目前,主播相册是所有直播平台基本的功能,相册里边的照片有些是主播自拍后上传的,有些是主播触发拍照系统拍下后自动上传的。然而,相关直播平台没有提供对相册中的照片进行美化的功能,也没有赋予主播或观看直播的用户对照片进行修改或替换的权限,因而,一些时间久远、画质模糊的无用照片会大量占用系统内存资源。
鉴于此,本领域亟需开发一种新的主播相册处理方法及装置。
需要说明的是,上述背景技术部分公开的信息仅用于加强对本公开的背景的理解。
发明内容
本公开的目的在于提供一种主播相册处理方法、主播相册处理装置、计算机存储介质及电子设备,进而至少在一定程度上避免了相关技术中主播相册中的照片无法进行编辑修改的缺陷。
本公开的其他特性和优点将通过下面的详细描述变得显然,或部分地通过本公开的实践而习得。

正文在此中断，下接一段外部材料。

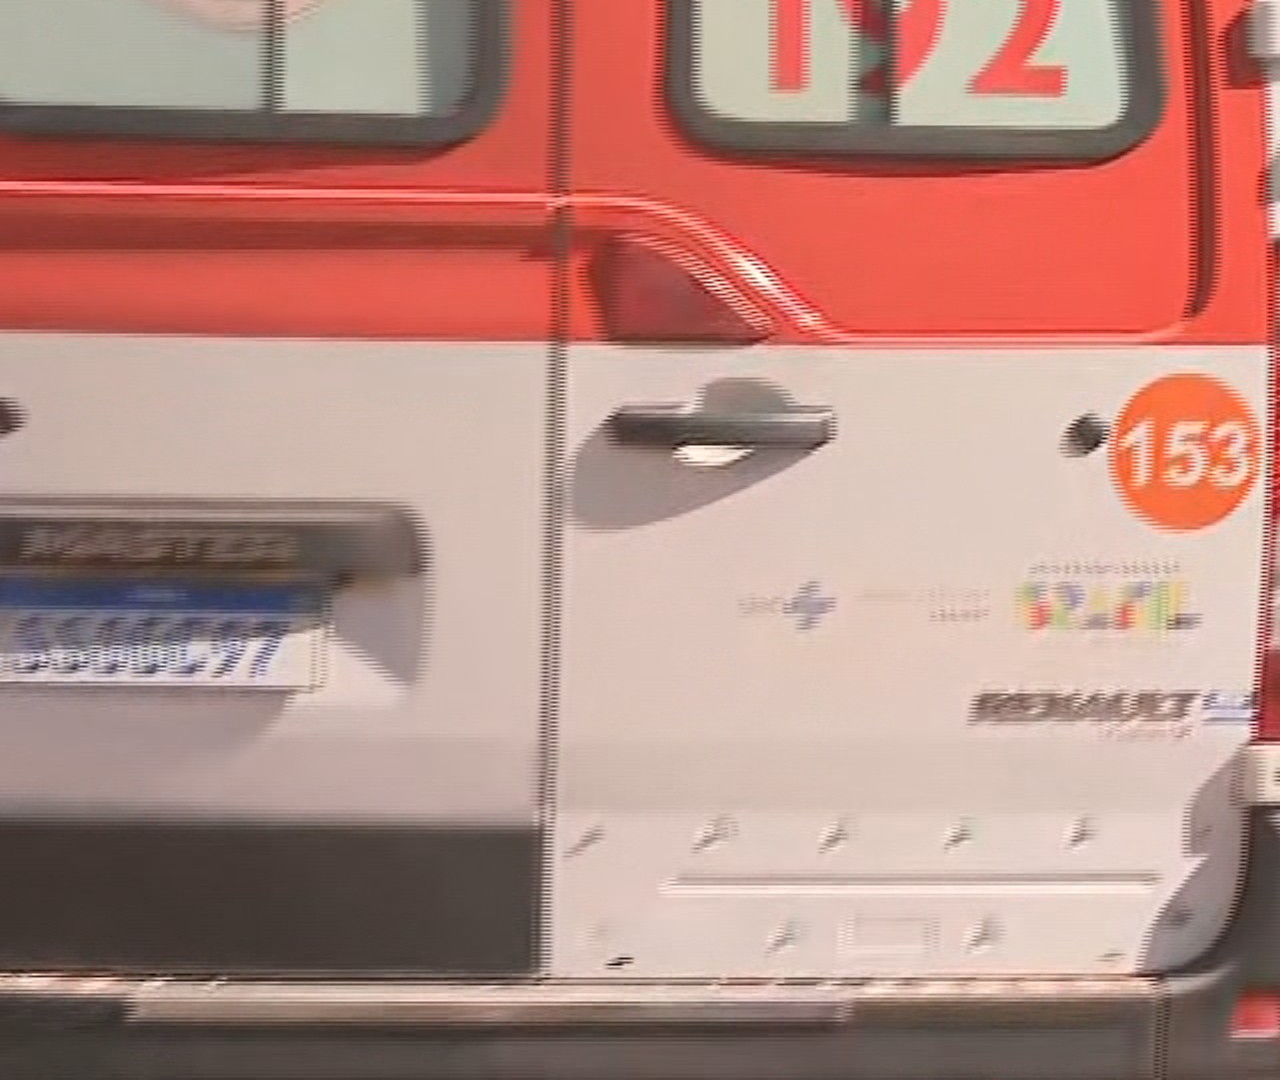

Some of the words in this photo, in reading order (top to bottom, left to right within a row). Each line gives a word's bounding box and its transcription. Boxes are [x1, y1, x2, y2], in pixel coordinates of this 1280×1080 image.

[1119, 421, 1253, 489] 153
[20, 526, 300, 562] MASTER
[967, 689, 1201, 726] RENAULT

根据本公开的第一方面,提供一种主播相册处理方法,包括:响应照片选取操作,从所述主播相册中选取一直播照片;所述主播相册包含所述主播相册对应的主播在直播过程中自动拍摄的照片;响应针对所述直播照片的图像编辑操作,对所述直播照片进行编辑处理,得到目标照片;将所述目标照片发送至所述主播相册。
在本公开的示例性实施例中,所述直播照片存储于直播服务器;所述将所述目标照片发送至所述主播相册,包括:对所述目标照片进行封装打包,并将所述封装打包后的数据包发送至所述直播服务器中的所述直播相册。
在本公开的示例性实施例中,在将所述目标照片发送至所述主播相册之后,所述方法还包括:通过所述直播服务器将所述直播照片替换为所述目标照片。
在本公开的示例性实施例中,所述图像编辑操作包括抠图操作和美化操作;所述响应针对所述直播照片的图像编辑操作,对所述直播照片进行编辑处理,得到目标照片,包括:响应针对所述直播照片的抠图操作,对所述直播照片进行抠图处理,得到所述直播照片中的人像区域;据所述人像区域识别脸部区域和/或人物肢体区域;响应针对所述脸部区域和/或人物肢体区域的美化操作,对所述脸部区域和/或人物肢体区域进行美化处理,得到所述目标照片。
在本公开的示例性实施例中,在得到所述目标照片之后,所述方法还包括:响应照片选取操作,从目标图库中选取一素材图像;对所述目标照片与所述素材图像进行图像融合处理,得到融合图像;将所述融合图像发送至所述直播服务器,以通过所述直播服务器将所述直播照片替换为所述融合图像。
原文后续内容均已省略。